** Opening LISTED ENTRIES block **

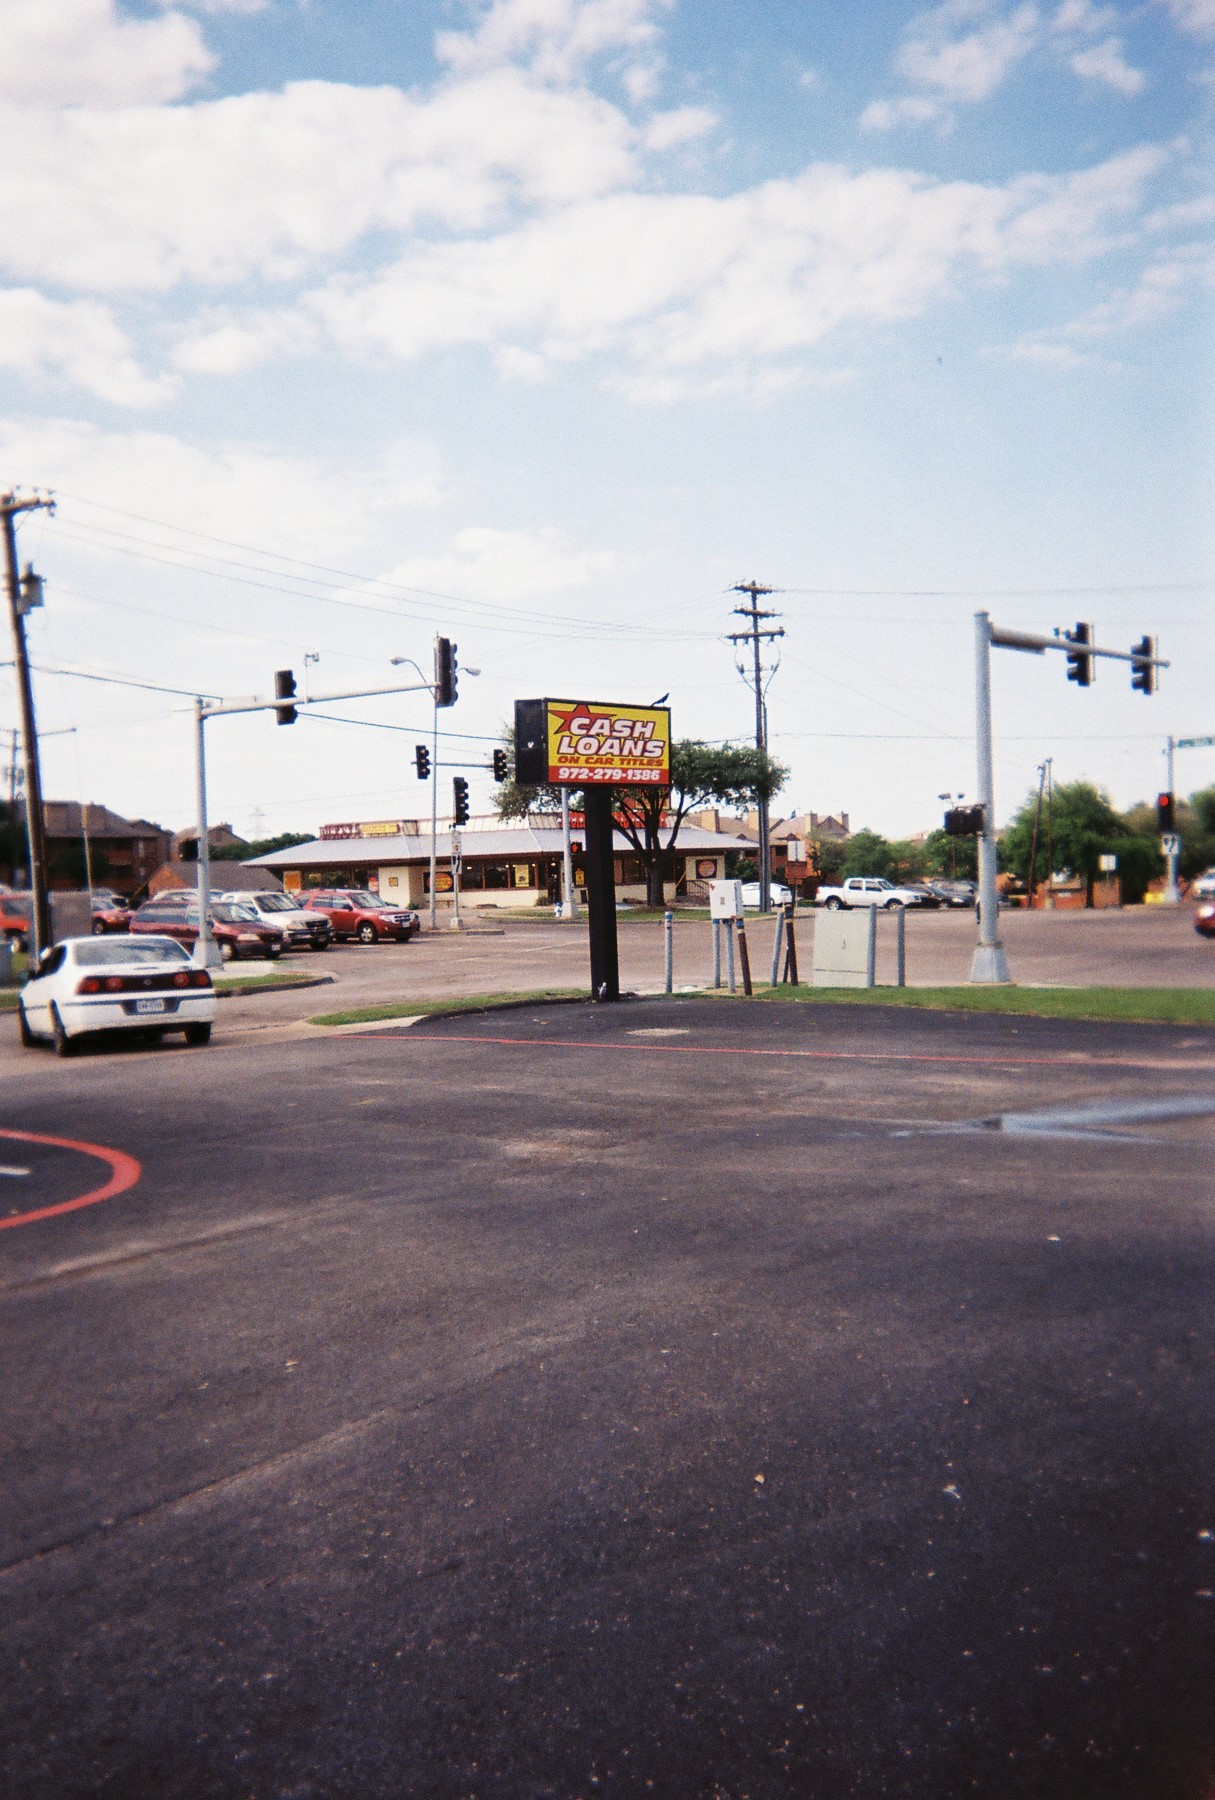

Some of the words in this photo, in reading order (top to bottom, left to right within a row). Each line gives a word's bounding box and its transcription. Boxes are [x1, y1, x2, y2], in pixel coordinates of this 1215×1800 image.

[569, 717, 655, 738] CASH
[558, 736, 665, 757] LOANS
[557, 756, 579, 764] ON
[585, 757, 614, 765] CAR
[619, 758, 664, 766] TITLES
[558, 767, 660, 780] 972-279-1386
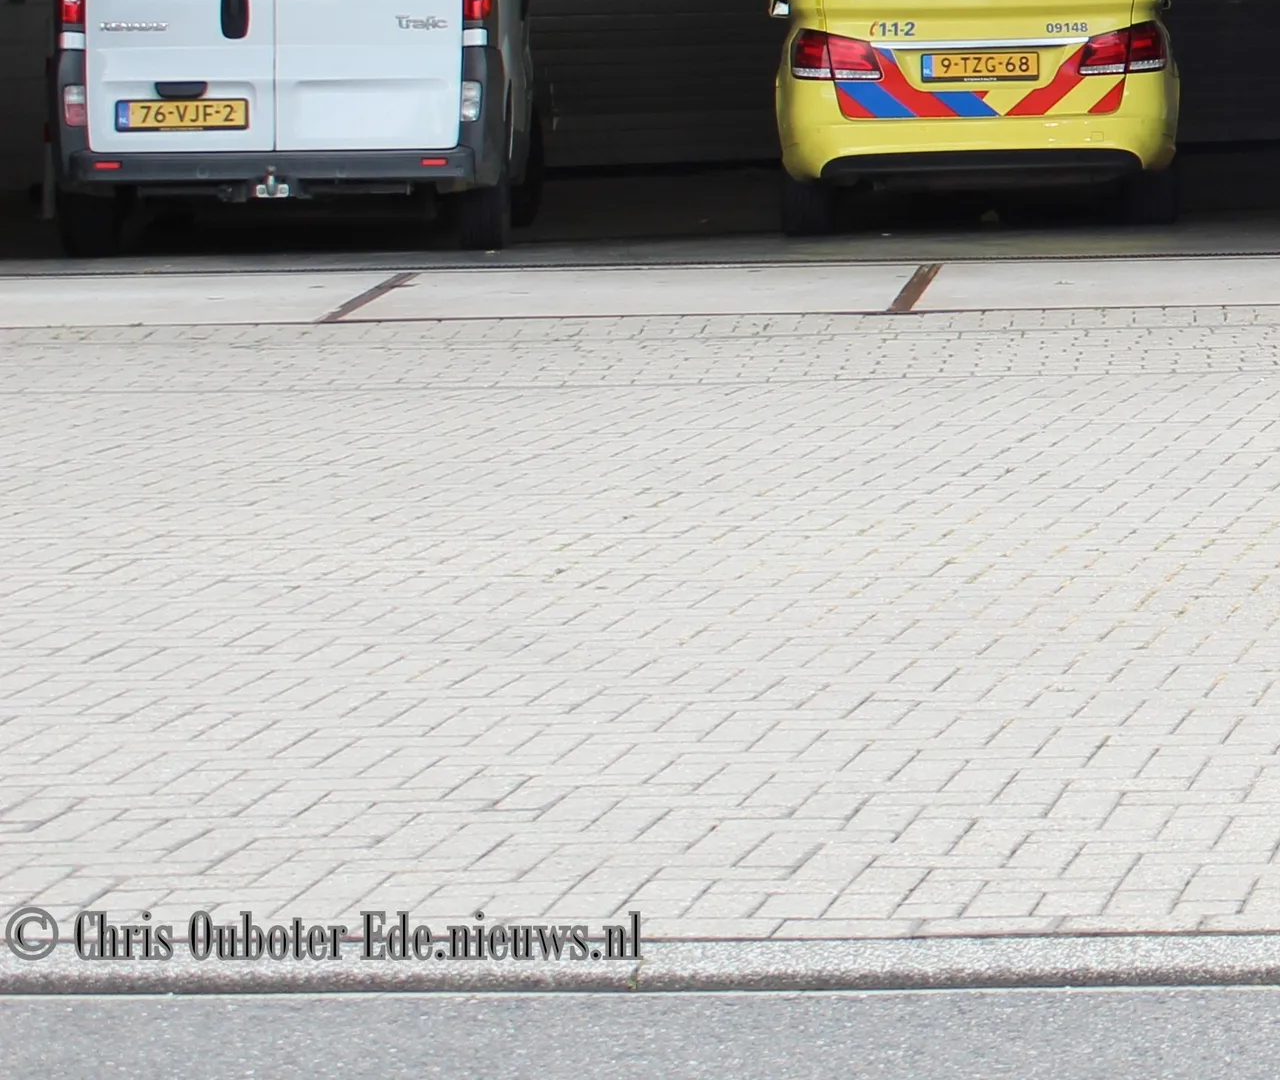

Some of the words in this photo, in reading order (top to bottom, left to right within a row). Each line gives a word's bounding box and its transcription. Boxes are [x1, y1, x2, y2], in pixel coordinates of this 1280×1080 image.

[395, 14, 449, 31] Trafic
[879, 22, 915, 37] 1-1-2
[1046, 22, 1089, 34] 09148
[941, 56, 1030, 74] 9-TZG-68
[140, 104, 236, 123] 76-VJF-2
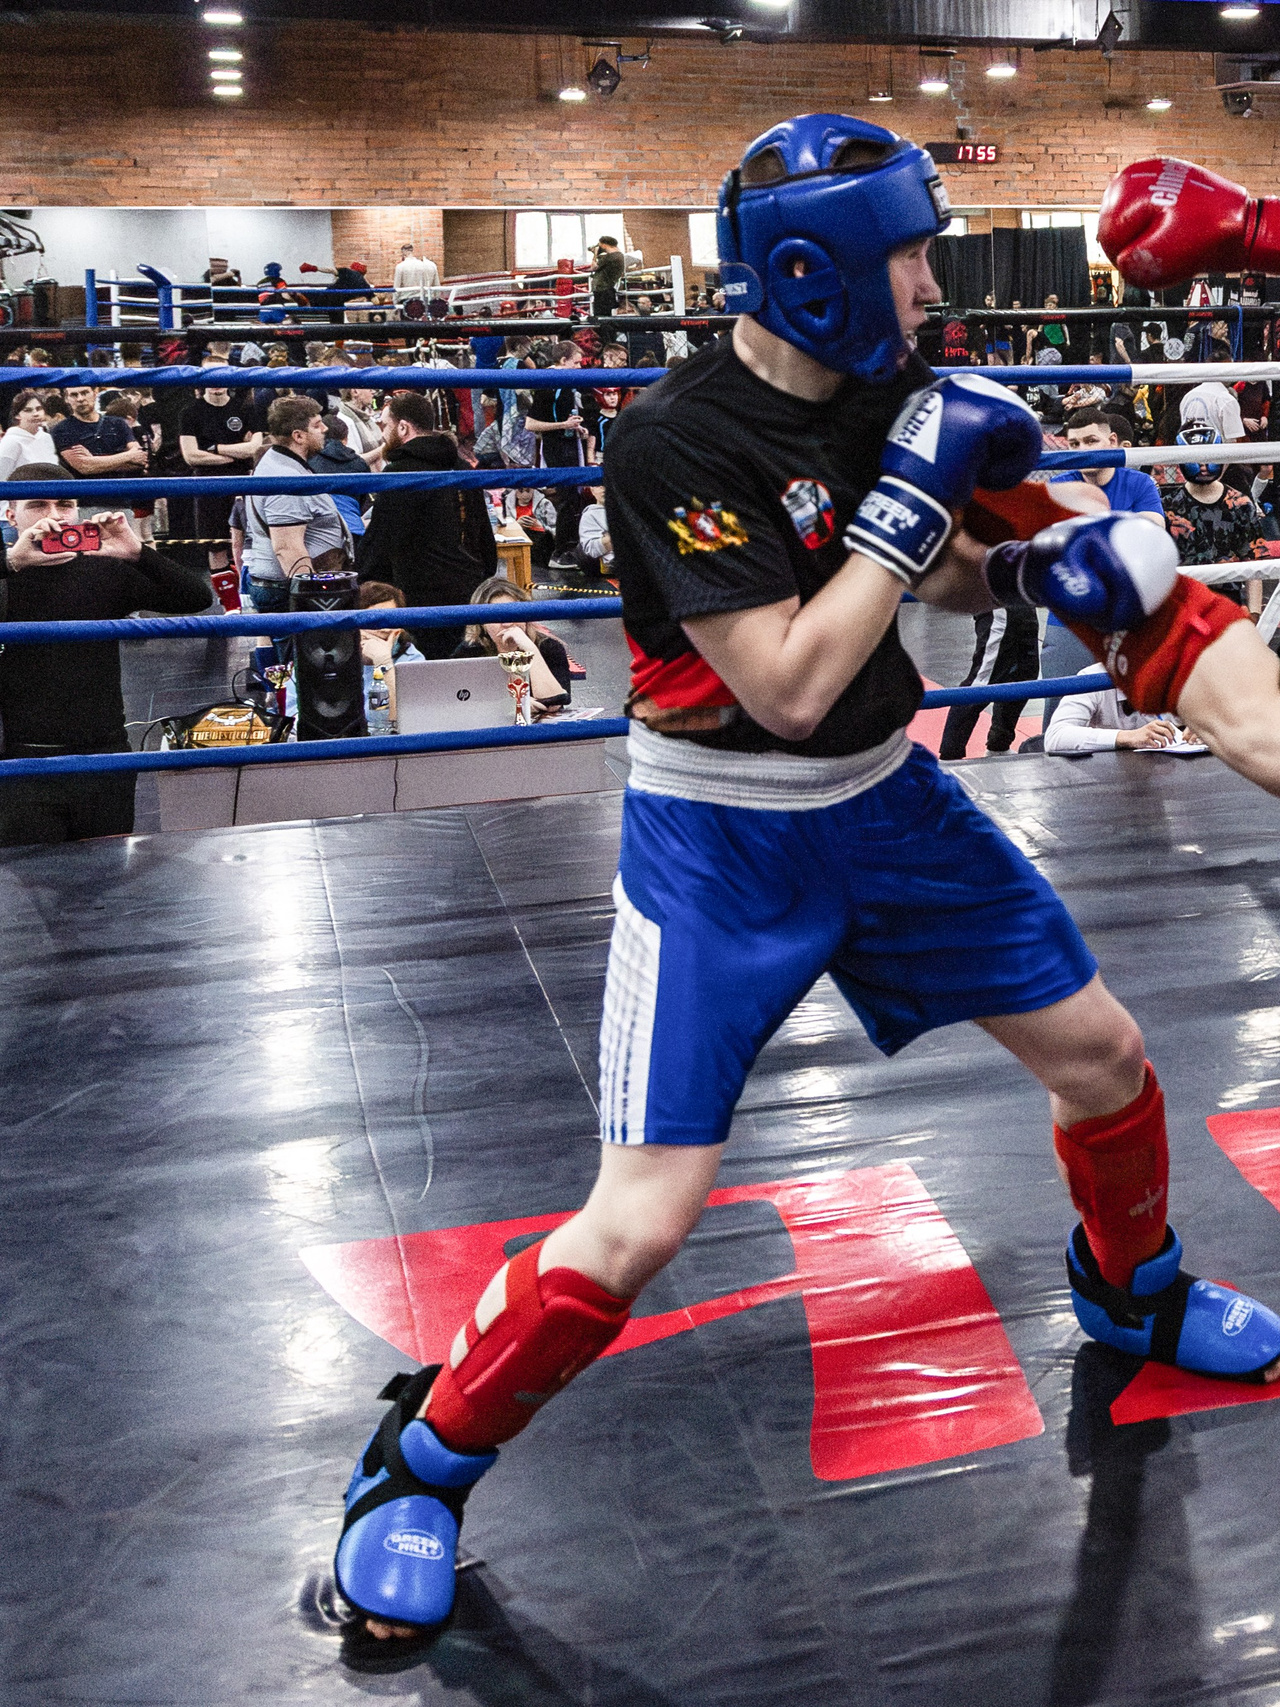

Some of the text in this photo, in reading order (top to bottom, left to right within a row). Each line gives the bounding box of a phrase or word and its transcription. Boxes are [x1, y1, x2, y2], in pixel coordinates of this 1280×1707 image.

[193, 731, 210, 741] THE
[391, 1533, 439, 1551] GREEN
[398, 1542, 429, 1555] HILL
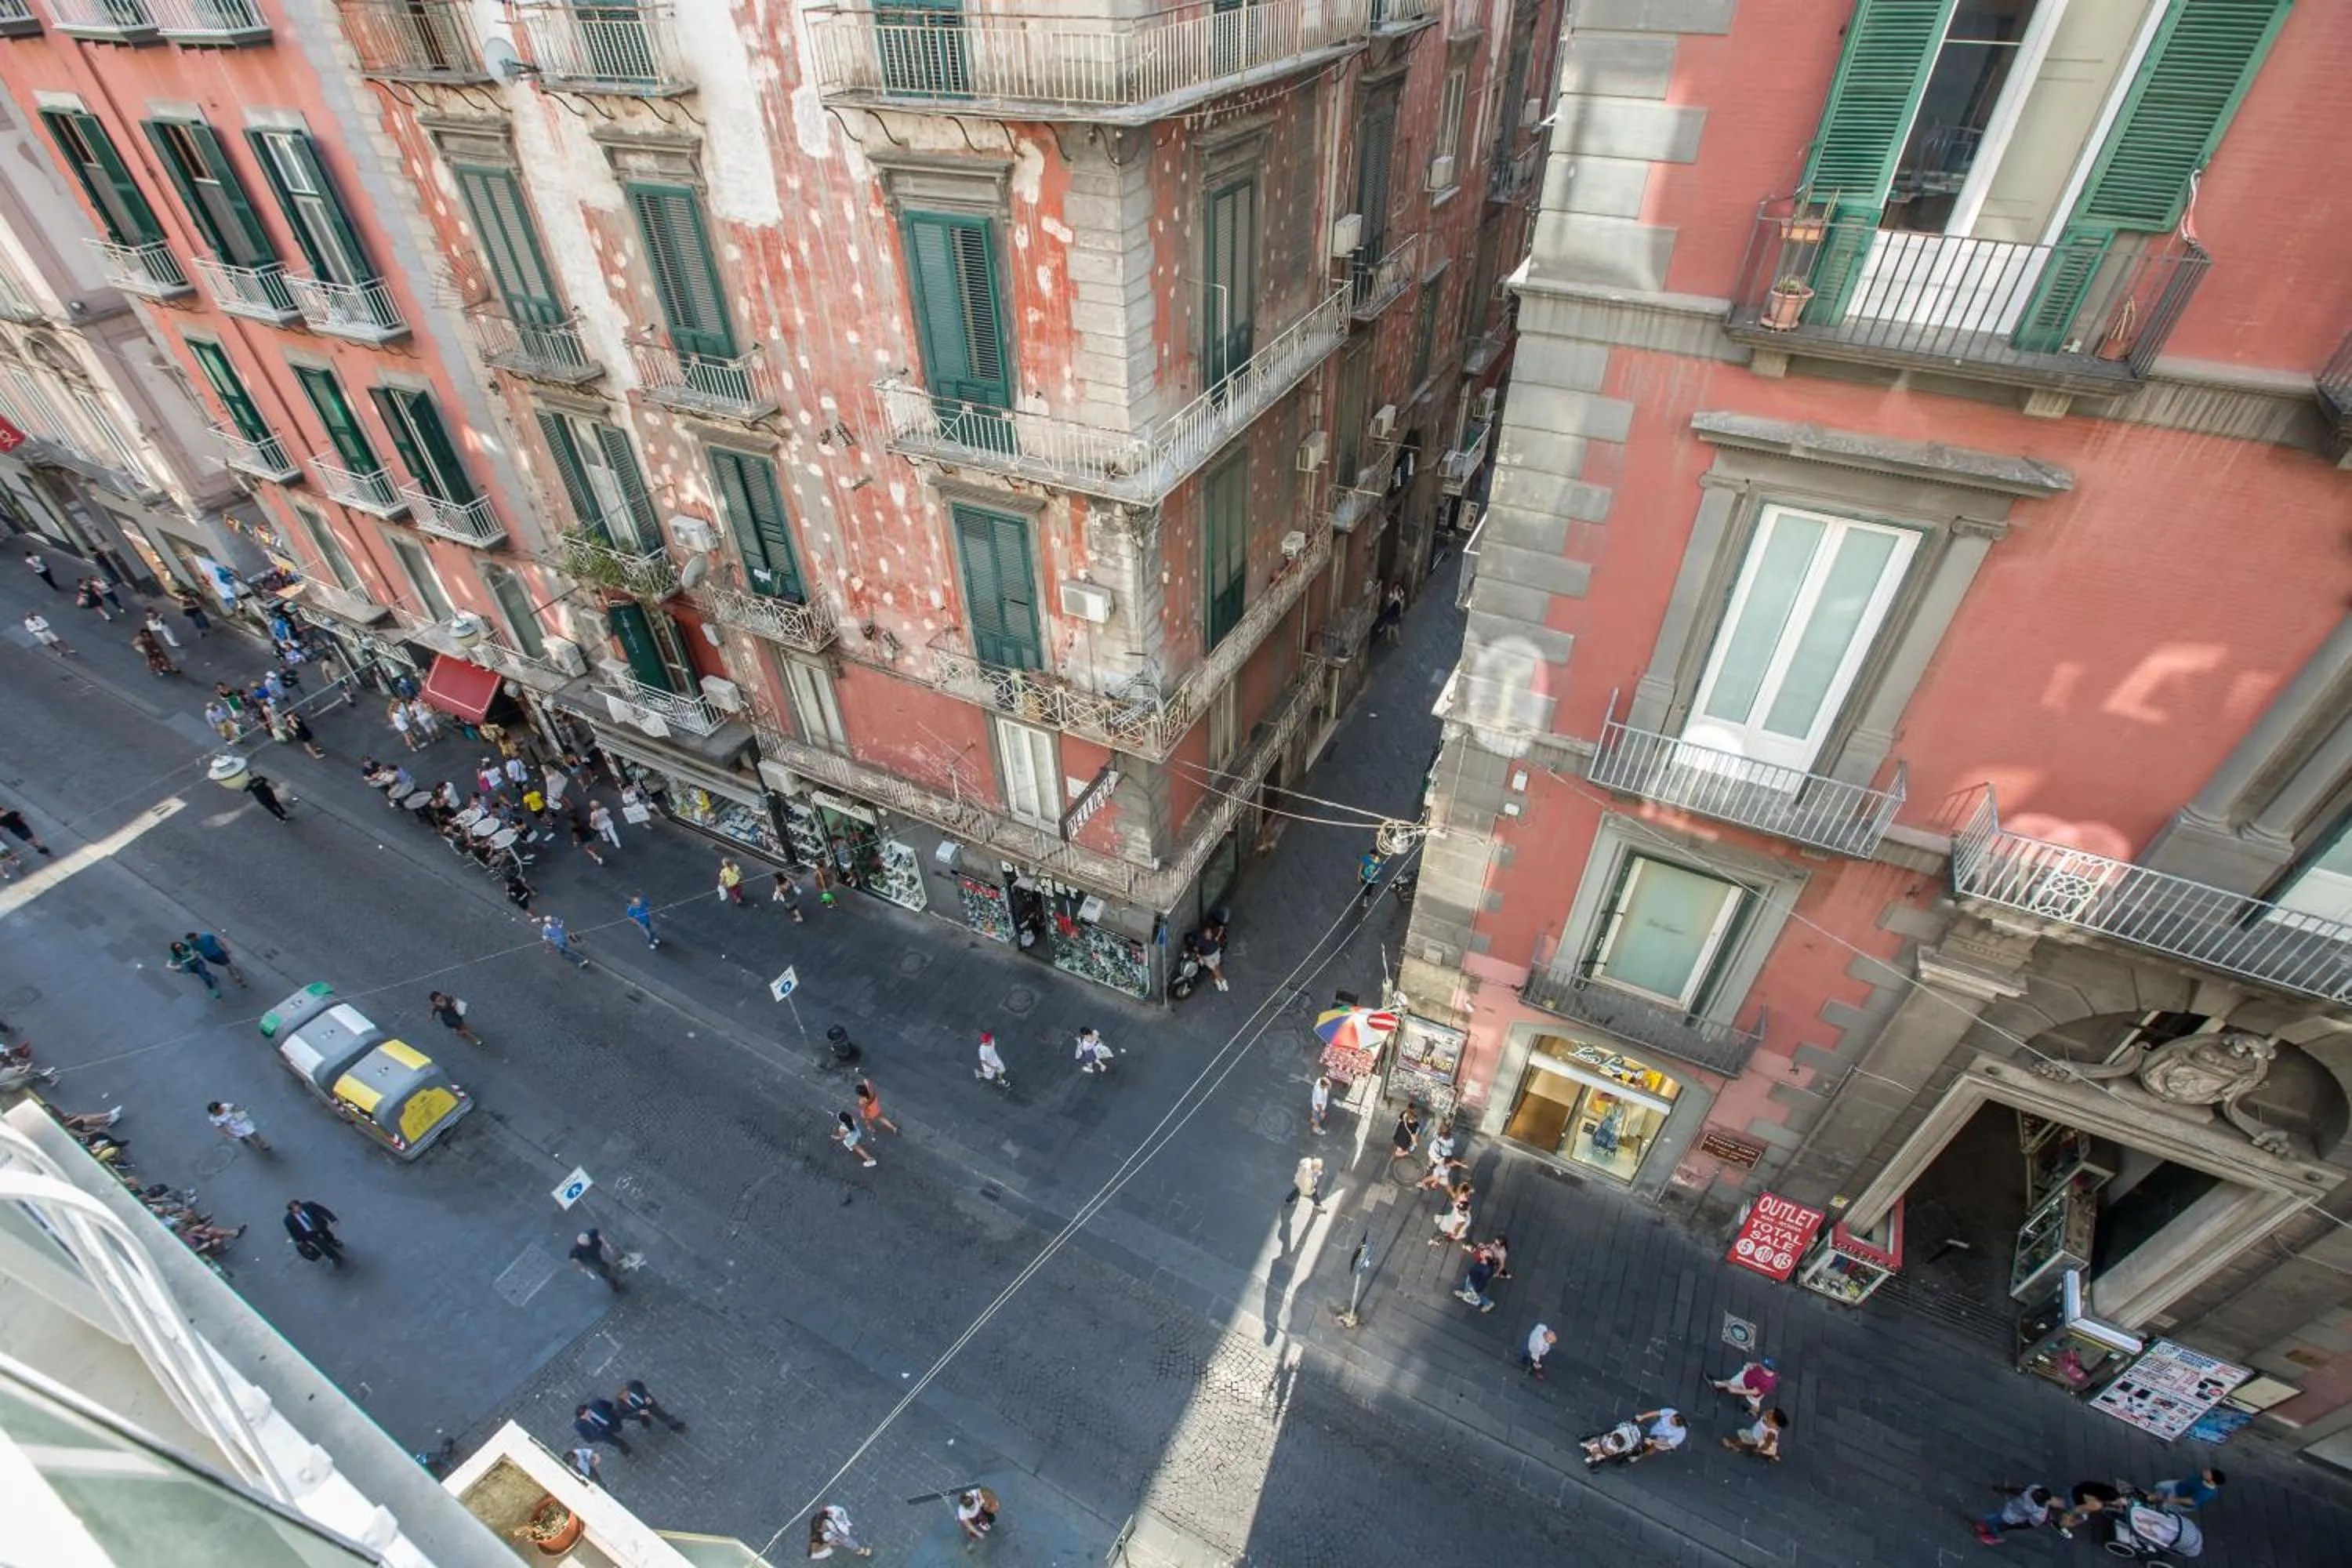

** Closing LISTED ENTRIES block **

> [TASK GOAL]:
Return the line containing "this 1280×1080 image." and every line after it through the end of the records above, exactly and nothing else, but not the pictures.

> [WRITTEN ANSWER]:
Some of the words in this photo, in reading order (top to bottom, left to right within a row). Each line gives a word's bounding box and its transcription. Boxes are [x1, y1, x2, y2], in pixel coordinates of this 1280×1080 image.

[395, 14, 449, 31] Trafic
[879, 22, 915, 37] 1-1-2
[1046, 22, 1089, 34] 09148
[941, 56, 1030, 74] 9-TZG-68
[140, 104, 236, 123] 76-VJF-2

Some of the text in this photo, in reading order (top to bottom, left to right within a row). Each line gives the bounding box of a phrase or word and its transcription. Boxes are [x1, y1, x2, y2], in pixel coordinates of this 1280×1707 image.

[193, 731, 210, 741] THE
[391, 1533, 439, 1551] GREEN
[398, 1542, 429, 1555] HILL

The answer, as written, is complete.